LONDON – After a long period of investment-driven growth, China is finally changing its policy playbook. Having recognized the costs of relying on excessive credit growth in the medium term, now it is emphasizing tax cuts, further market opening, and incentives to boost consumption over investment. This means accepting lower growth rates in the future.
Yet, seven months into this shift, it is clear that these new policy measures alone will not be enough to stabilize growth at a sufficiently high rate. The targeted nature of the fiscal stimulus announced so far, together with regulatory efforts to limit the adverse side effects of earlier policy easing, suggest that the stabilization process will be longer and more arduous than expected.
There will be strong temptations to return to the old model as the economy adapts. But China’s leaders seem to accept that unless there are major negative shocks, they should not open the credit floodgates again to address cyclical weakness.
As a result, China must perform a difficult balancing act. It needs to keep growth high enough to maintain social stability, while also maintaining external stability, as reflected in the renminbi’s exchange rate. How China manages its currency during the policy shift could have important global consequences.
Other Asian economies faced a similar problem two decades ago. A central lesson from the 1997-1998 Asian crisis was that rigid exchange rates were incompatible with rapid, debt-driven growth. Fueled by cheap debt, fast-growing Asian economies tried to maintain high investment rates for far too long. Their current accounts deteriorated, and growth slowed as their currencies remained pegged to a sharply appreciating dollar. Eventually they were forced to devalue their currencies as capital fled and foreign reserves dwindled.
In the wake of the global financial crisis, China managed to maintain high rates of investment growth only through rapid credit expansion. As a result, aggregate debt levels surged to around 270% of GDP in 2018 from approximately 150% in 2008. Over the same period, China’s current-account surplus fell from 9% of GDP to less than 1%.
Because these high debt levels limit China’s policy options, the renminbi’s exchange rate could play a more important role in stabilizing growth than in the past. But the perceived political constraint on depreciating the currency to support growth, and the increasing role of the state sector in the economy, are adding to cyclical headwinds and making stabilization more difficult.
There are also uncertainties regarding China’s future growth model, stemming from Western challenges to Chinese participation in the global trading system and the inconsistencies between the old and new policy playbooks.
These uncertainties, in turn, create negative feedback loops. Risk-averse lenders shun private-sector borrowers because of a lack of good collateral and the implicit guarantees on loans to the state sector. The role of the state naturally strengthens as the government tries to stabilize growth rates at lower levels. A lack of alternative financial assets channels savings into the property market, but high-real estate prices force consumers to borrow more to buy property, crowding out consumption. And the bias toward infrastructure investment limits investment in services spending on education, health care, and financial inclusion, preventing the economy from producing what consumers want.
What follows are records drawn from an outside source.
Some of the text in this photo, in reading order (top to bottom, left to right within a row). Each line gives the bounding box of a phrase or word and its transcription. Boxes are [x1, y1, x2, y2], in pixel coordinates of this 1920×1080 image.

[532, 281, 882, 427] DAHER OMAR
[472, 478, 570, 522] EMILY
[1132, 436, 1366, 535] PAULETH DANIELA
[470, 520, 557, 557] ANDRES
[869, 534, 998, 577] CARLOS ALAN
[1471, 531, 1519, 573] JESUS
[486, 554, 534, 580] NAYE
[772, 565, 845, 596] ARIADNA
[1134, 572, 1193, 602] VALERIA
To be clear, the near-term risk of a Chinese crash or crisis remains low. Despite higher debt levels, China retains plenty of fiscal and regulatory tools to stabilize its economy. But, as with any major policy shift, the risk of accidents is substantial. The greatest risk concerns exchange-rate management, which is currently preventing China from using monetary policy to help stimulate the economy.
China currently is unwilling to ease monetary policy because it doesn’t want the renminbi to depreciate, in part for geopolitical reasons but also due to its bad experience with currency flexibility in August 2015. But, following the sharp rise in debt over the last decade, debt-service costs are now equivalent to 70% of the total monthly flow of credit. Interest-rate cuts have become imperative.
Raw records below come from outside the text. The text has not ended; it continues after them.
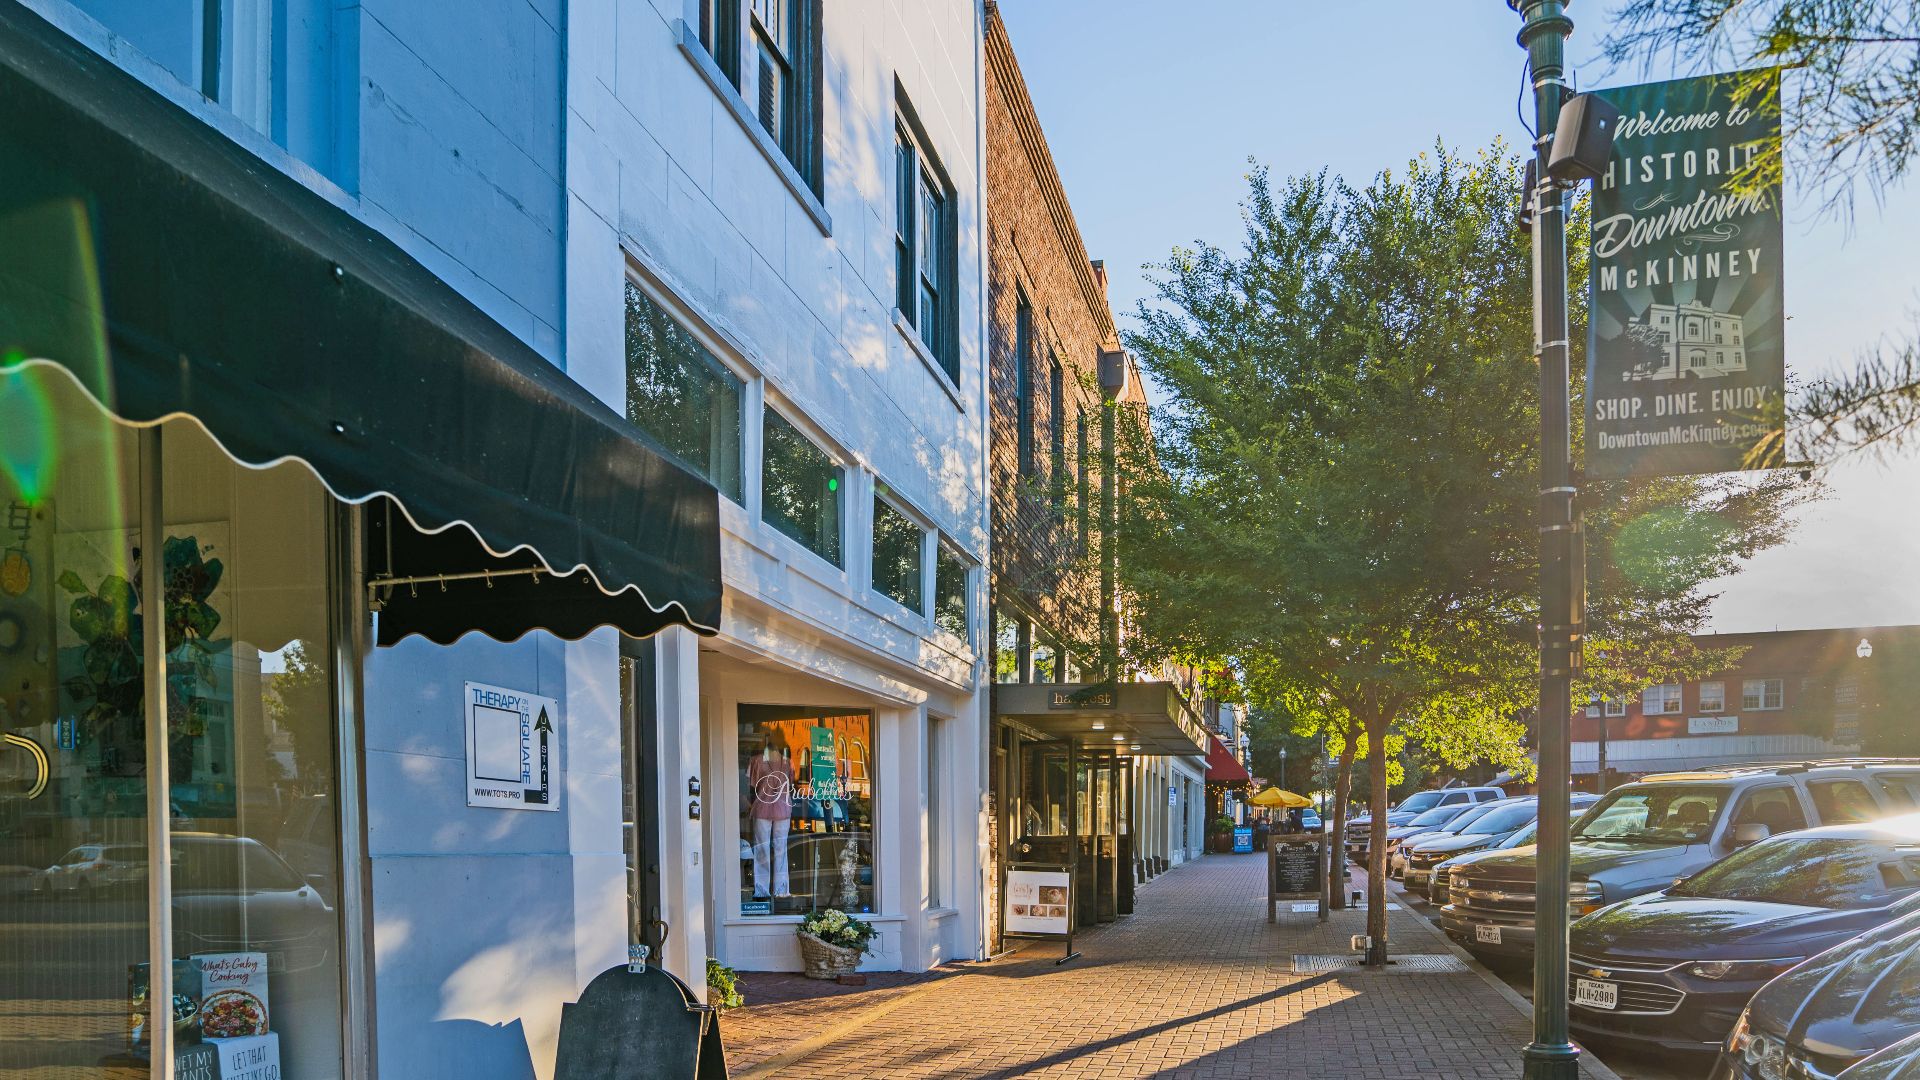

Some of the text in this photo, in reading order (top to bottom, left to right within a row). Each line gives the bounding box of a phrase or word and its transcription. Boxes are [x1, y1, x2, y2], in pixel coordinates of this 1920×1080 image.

[1613, 106, 1750, 142] Welcome to
[1593, 188, 1766, 259] Downtown
[1601, 248, 1761, 291] McKINNEY
[1595, 397, 1648, 421] SHOP.
[1655, 392, 1704, 416] DINE.
[472, 688, 521, 711] THERAPY
[1053, 691, 1111, 704] haest
[521, 712, 531, 784] SQUARE
[231, 956, 258, 973] Gaby
[209, 970, 250, 985] Cooking
[196, 1049, 213, 1067] MY
[232, 1046, 266, 1071] LET THAT
If China fails to ease monetary policy to complement the fiscal stimulus, it risks falling into a trap similar to the one that ensnared its Asian peers in the 1990s. The best way for China to avoid a sharper, more destabilizing currency devaluation is to stabilize growth quickly, before doubts deepen about the economy’s longer-term trajectory.
China has embarked on a huge policy shift aimed at putting the economy on a lower-growth but more sustainable trajectory. How its leaders manage this transition is crucial for China’s future, and how well it performs its balancing act will have major implications for global stability.